[TASK PROMPT] Would you print out all of the data exactly and keep the pictures out of it?

INFORMATION PROVIDED: Begin

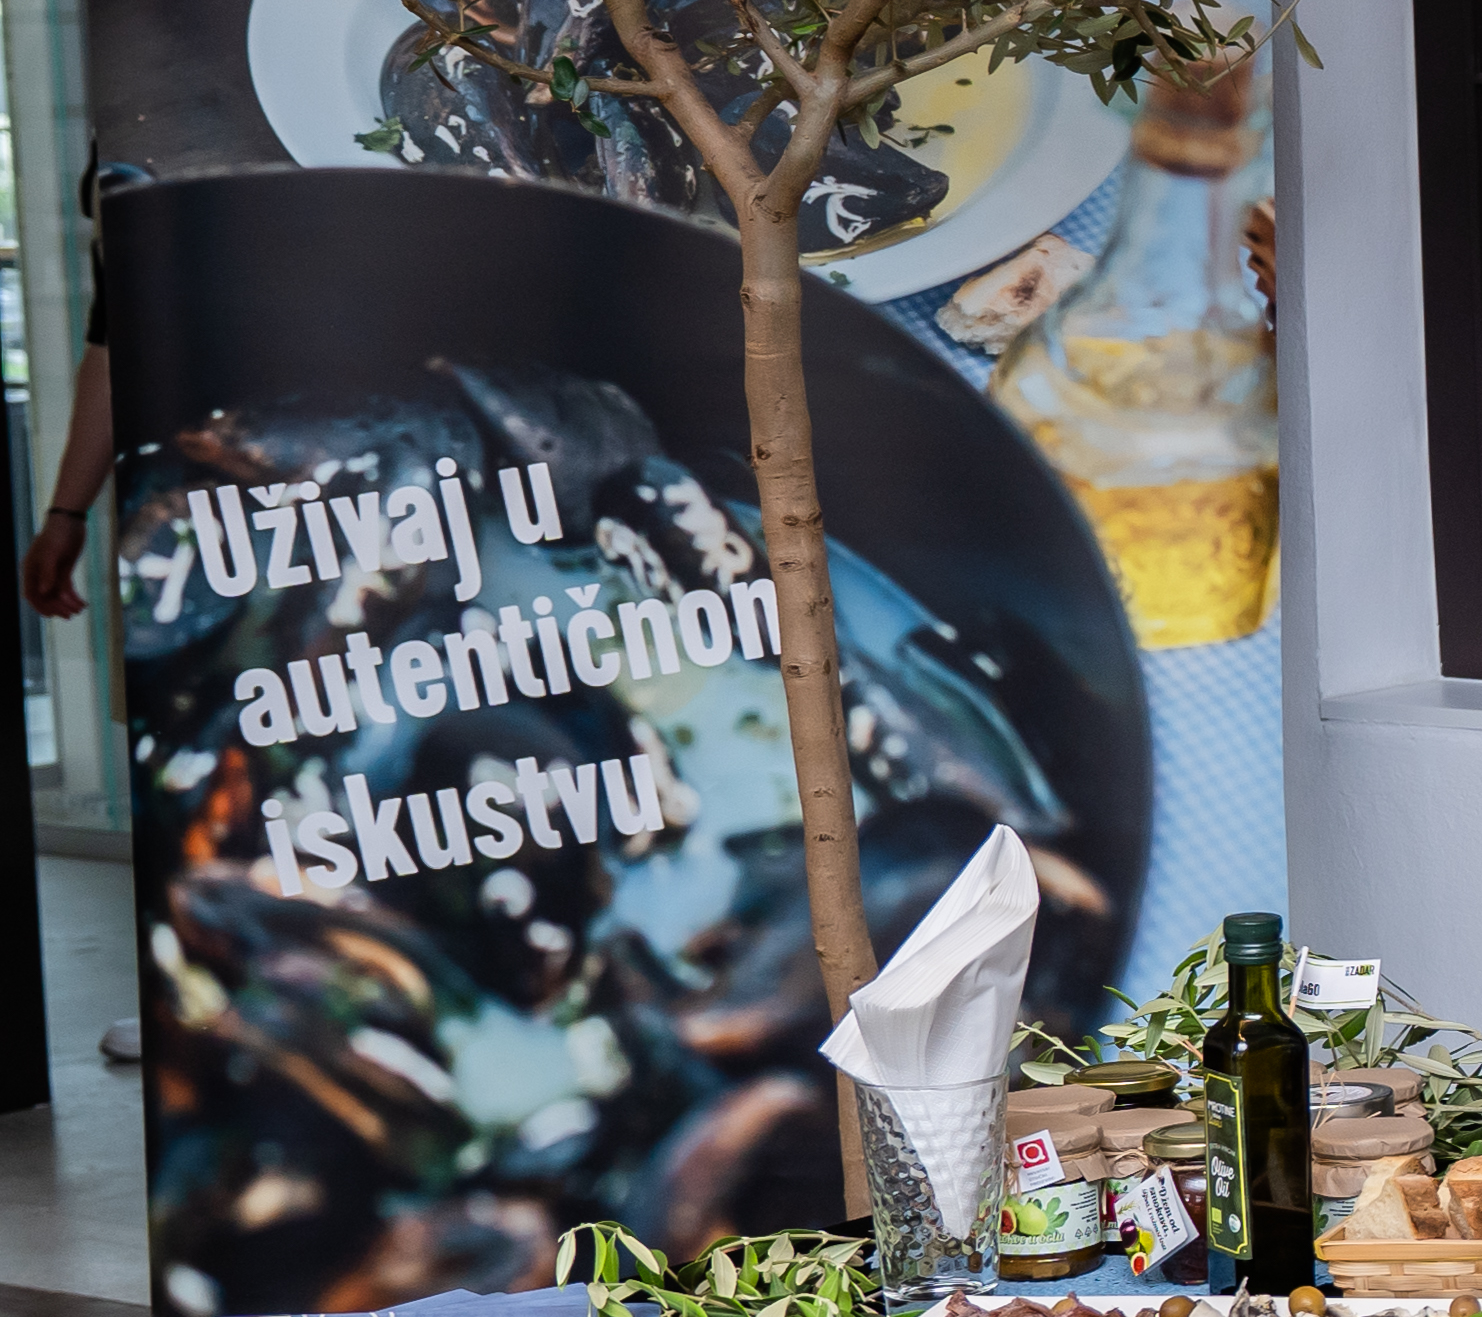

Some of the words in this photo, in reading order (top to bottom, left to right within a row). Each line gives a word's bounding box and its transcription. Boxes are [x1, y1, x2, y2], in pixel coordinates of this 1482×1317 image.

[187, 458, 482, 602] Uživaj
[499, 462, 563, 544] u
[261, 753, 664, 898] iskustvu
[1211, 1156, 1235, 1180] Olive
[1215, 1177, 1231, 1198] Oil
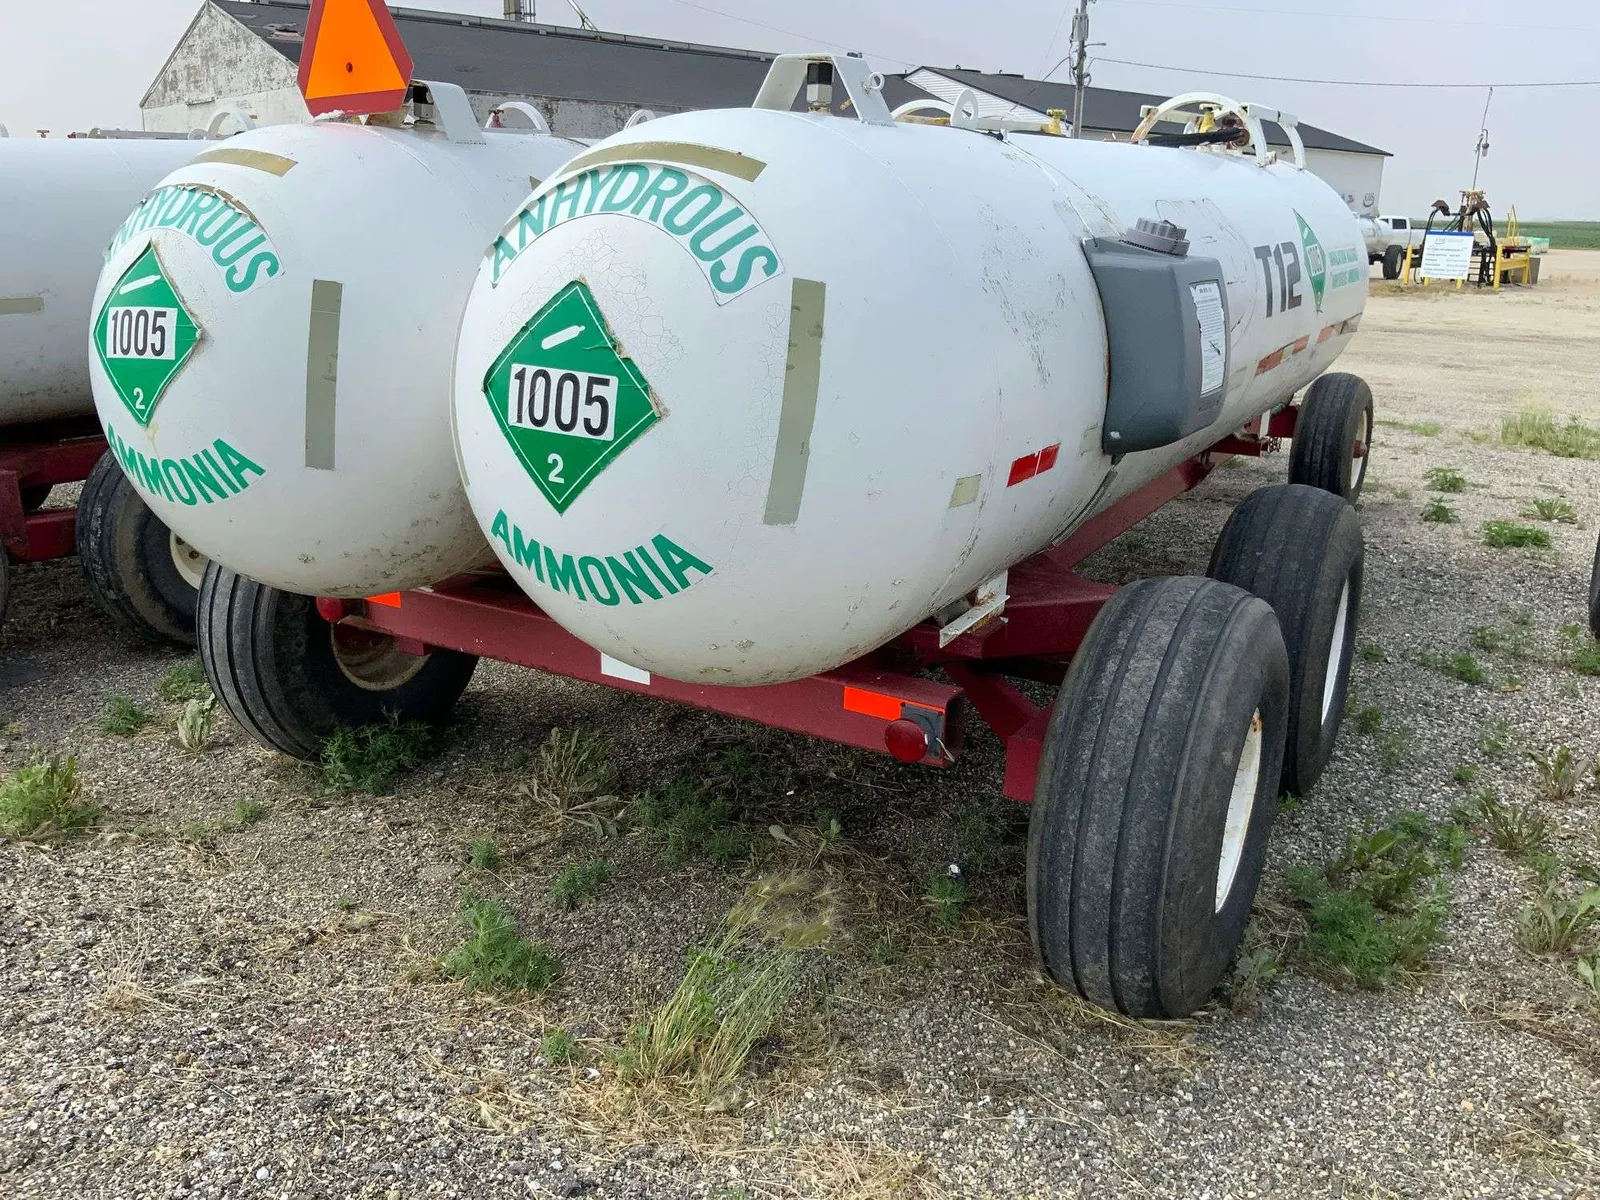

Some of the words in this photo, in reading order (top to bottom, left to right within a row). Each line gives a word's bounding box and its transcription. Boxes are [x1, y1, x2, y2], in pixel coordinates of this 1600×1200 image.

[491, 163, 778, 295] ANHYDROUS
[1253, 241, 1302, 318] T12
[111, 309, 167, 356] 1005
[133, 387, 145, 410] 2
[513, 366, 612, 437] 1005
[108, 422, 266, 506] AMMONIA
[546, 453, 565, 484] 2
[491, 509, 714, 606] AMMONIA
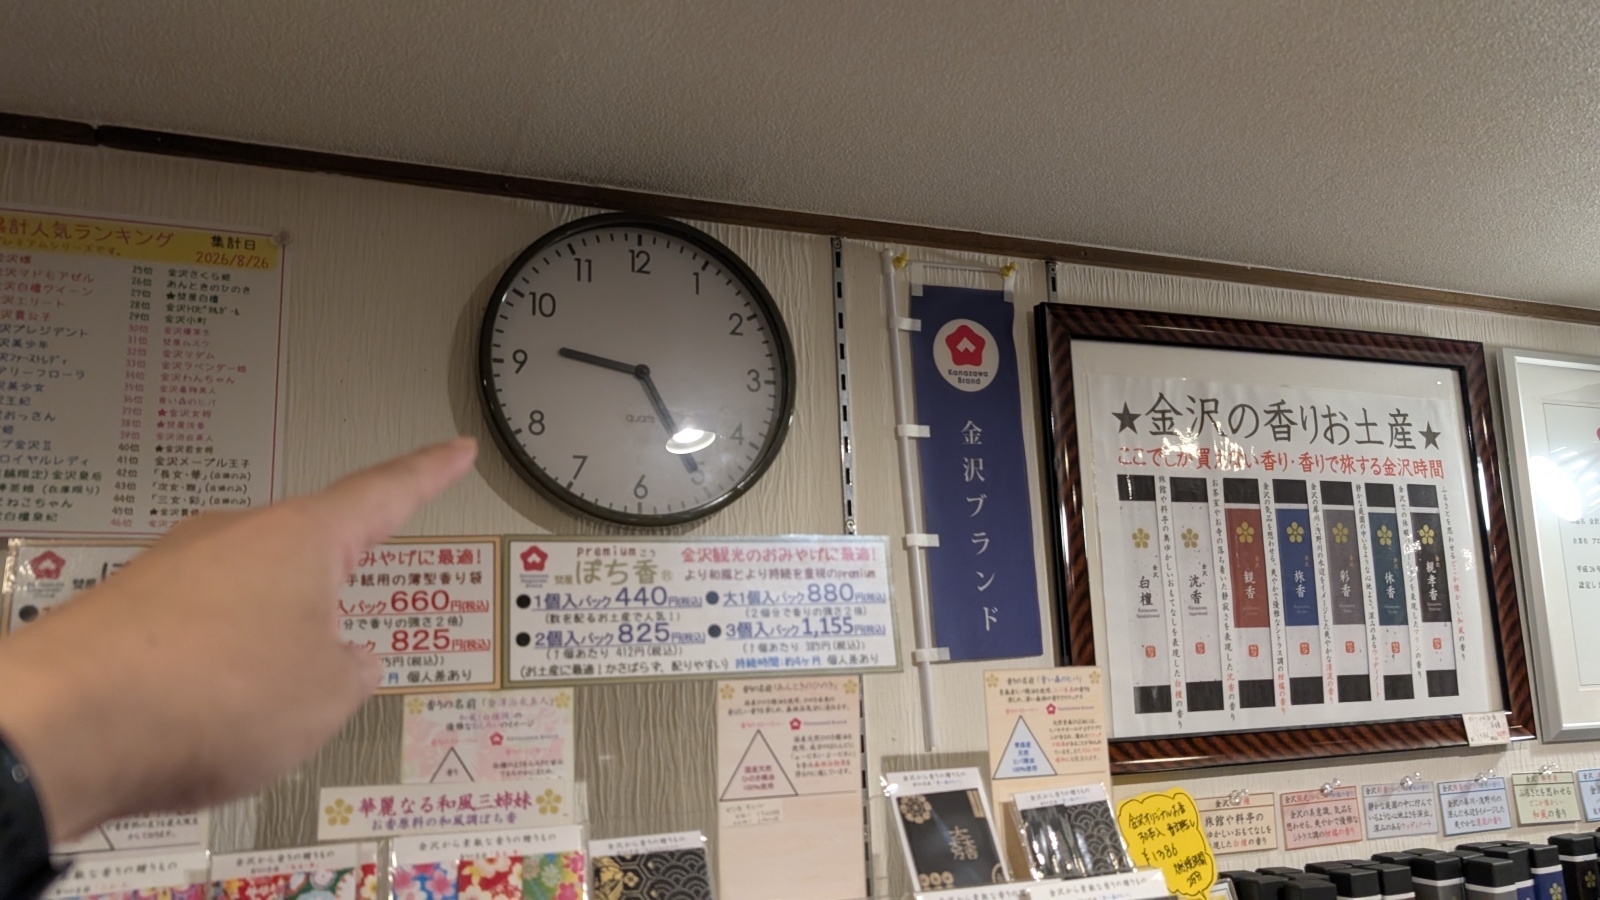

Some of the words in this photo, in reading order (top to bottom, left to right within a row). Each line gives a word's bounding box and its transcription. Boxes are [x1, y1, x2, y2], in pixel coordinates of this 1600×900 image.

[211, 235, 256, 250] 集計日
[195, 251, 269, 269] 2026/8/26
[627, 249, 651, 275] 12
[132, 265, 153, 275] 25位
[573, 257, 593, 283] 11
[131, 276, 152, 287] 26位
[692, 272, 700, 295] 1
[0, 283, 94, 297] 沢白檀クイーン
[130, 288, 151, 299] 27位
[129, 300, 150, 310] 28位
[529, 291, 556, 318] 10
[128, 311, 150, 322] 29位
[128, 323, 149, 333] 30位
[728, 312, 744, 336] 2
[127, 335, 148, 345] 31位
[127, 347, 147, 357] 32位
[126, 358, 147, 369] 33位
[512, 348, 528, 374] 9
[125, 370, 146, 380] 34位
[947, 368, 989, 378] Kanazawa
[746, 368, 761, 393] 3
[957, 376, 981, 385] Brand
[124, 382, 145, 392] 35位
[123, 394, 144, 404] 36位
[0, 410, 56, 422] おっさん
[122, 406, 143, 417] 37位
[121, 418, 142, 428] 38位
[528, 409, 545, 436] 8
[1145, 391, 1417, 450] 金沢の香りお土産
[119, 430, 141, 441] 39位
[729, 421, 745, 445] 4
[117, 443, 140, 453] 40位
[116, 455, 139, 466] 41位
[571, 454, 588, 479] 7
[115, 468, 138, 479] 42位
[114, 481, 136, 491] 43位
[633, 473, 648, 499] 6
[0, 498, 73, 509] ねこちゃん
[113, 493, 135, 504] 44位
[111, 506, 134, 516] 45位
[110, 517, 132, 528] 46位
[960, 419, 999, 632] 金沢ブランド
[576, 545, 637, 558] premium
[1138, 575, 1153, 606] 白檀
[1188, 574, 1202, 605] 沈香
[1384, 571, 1396, 599] 休香
[1578, 581, 1600, 590] 認定し
[407, 670, 472, 684] 個人差あり
[358, 790, 533, 818] 華麗なる和風三姉妹
[1532, 807, 1568, 820] 和風の香り
[371, 812, 518, 832] お香原料の和風調ぽち香
[1204, 812, 1264, 828] 旅館や料亭の
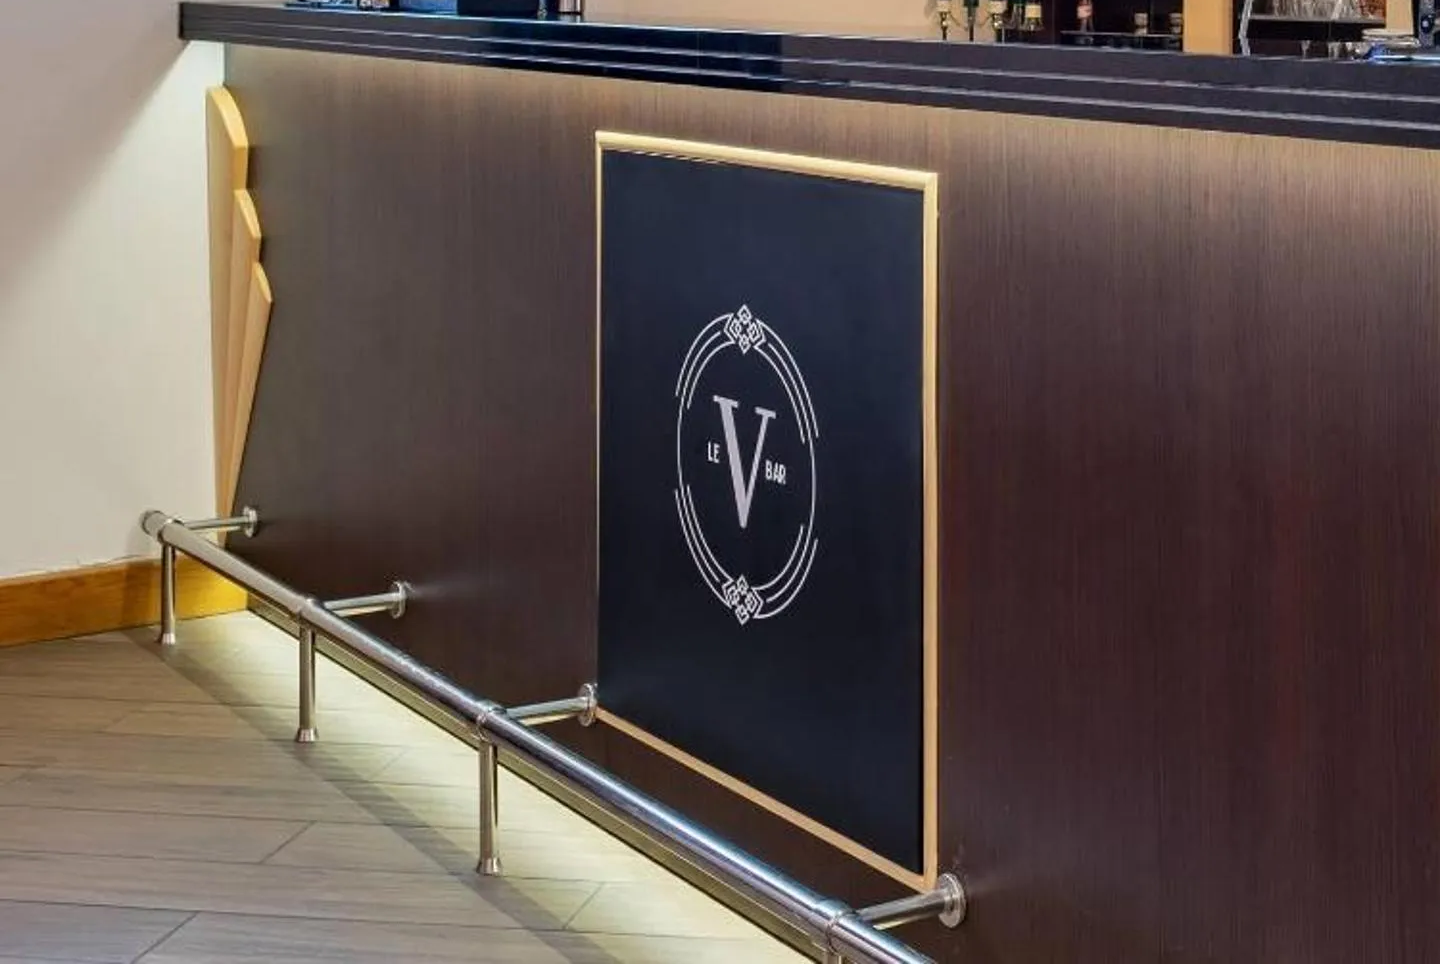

INFORMATION PROVIDED: End

[EXERCISE OUTPUT]
Some of the words in this photo, in reading order (top to bottom, left to right within a row). Each line gives a word's bounding box and its transcription. Boxes are [x1, y1, x2, y2], in pixel coordinates of this 1482×1317 image.

[187, 458, 482, 602] Uživaj
[499, 462, 563, 544] u
[261, 753, 664, 898] iskustvu
[1211, 1156, 1235, 1180] Olive
[1215, 1177, 1231, 1198] Oil

Some of the words in this photo, in reading order (top to bottom, left to right within a row). Each line gives a word's bounding box and its transcription. Boxes are [x1, y1, x2, y2], in pixel coordinates of this 1600×1200 image.

[491, 163, 778, 295] ANHYDROUS
[1253, 241, 1302, 318] T12
[111, 309, 167, 356] 1005
[133, 387, 145, 410] 2
[513, 366, 612, 437] 1005
[108, 422, 266, 506] AMMONIA
[546, 453, 565, 484] 2
[491, 509, 714, 606] AMMONIA

Some of the words in this photo, in reading order (top to bottom, left to right within a row). Each line gives a word's bounding box and its transcription. Boxes are [x1, y1, x2, y2], in pixel coordinates of this 1600×900 image.

[211, 235, 256, 250] 集計日
[195, 251, 269, 269] 2026/8/26
[627, 249, 651, 275] 12
[132, 265, 153, 275] 25位
[573, 257, 593, 283] 11
[131, 276, 152, 287] 26位
[692, 272, 700, 295] 1
[0, 283, 94, 297] 沢白檀クイーン
[130, 288, 151, 299] 27位
[129, 300, 150, 310] 28位
[529, 291, 556, 318] 10
[128, 311, 150, 322] 29位
[128, 323, 149, 333] 30位
[728, 312, 744, 336] 2
[127, 335, 148, 345] 31位
[127, 347, 147, 357] 32位
[126, 358, 147, 369] 33位
[512, 348, 528, 374] 9
[125, 370, 146, 380] 34位
[947, 368, 989, 378] Kanazawa
[746, 368, 761, 393] 3
[957, 376, 981, 385] Brand
[124, 382, 145, 392] 35位
[123, 394, 144, 404] 36位
[0, 410, 56, 422] おっさん
[122, 406, 143, 417] 37位
[121, 418, 142, 428] 38位
[528, 409, 545, 436] 8
[1145, 391, 1417, 450] 金沢の香りお土産
[119, 430, 141, 441] 39位
[729, 421, 745, 445] 4
[117, 443, 140, 453] 40位
[116, 455, 139, 466] 41位
[571, 454, 588, 479] 7
[115, 468, 138, 479] 42位
[114, 481, 136, 491] 43位
[633, 473, 648, 499] 6
[0, 498, 73, 509] ねこちゃん
[113, 493, 135, 504] 44位
[111, 506, 134, 516] 45位
[110, 517, 132, 528] 46位
[960, 419, 999, 632] 金沢ブランド
[576, 545, 637, 558] premium
[1138, 575, 1153, 606] 白檀
[1188, 574, 1202, 605] 沈香
[1384, 571, 1396, 599] 休香
[1578, 581, 1600, 590] 認定し
[407, 670, 472, 684] 個人差あり
[358, 790, 533, 818] 華麗なる和風三姉妹
[1532, 807, 1568, 820] 和風の香り
[371, 812, 518, 832] お香原料の和風調ぽち香
[1204, 812, 1264, 828] 旅館や料亭の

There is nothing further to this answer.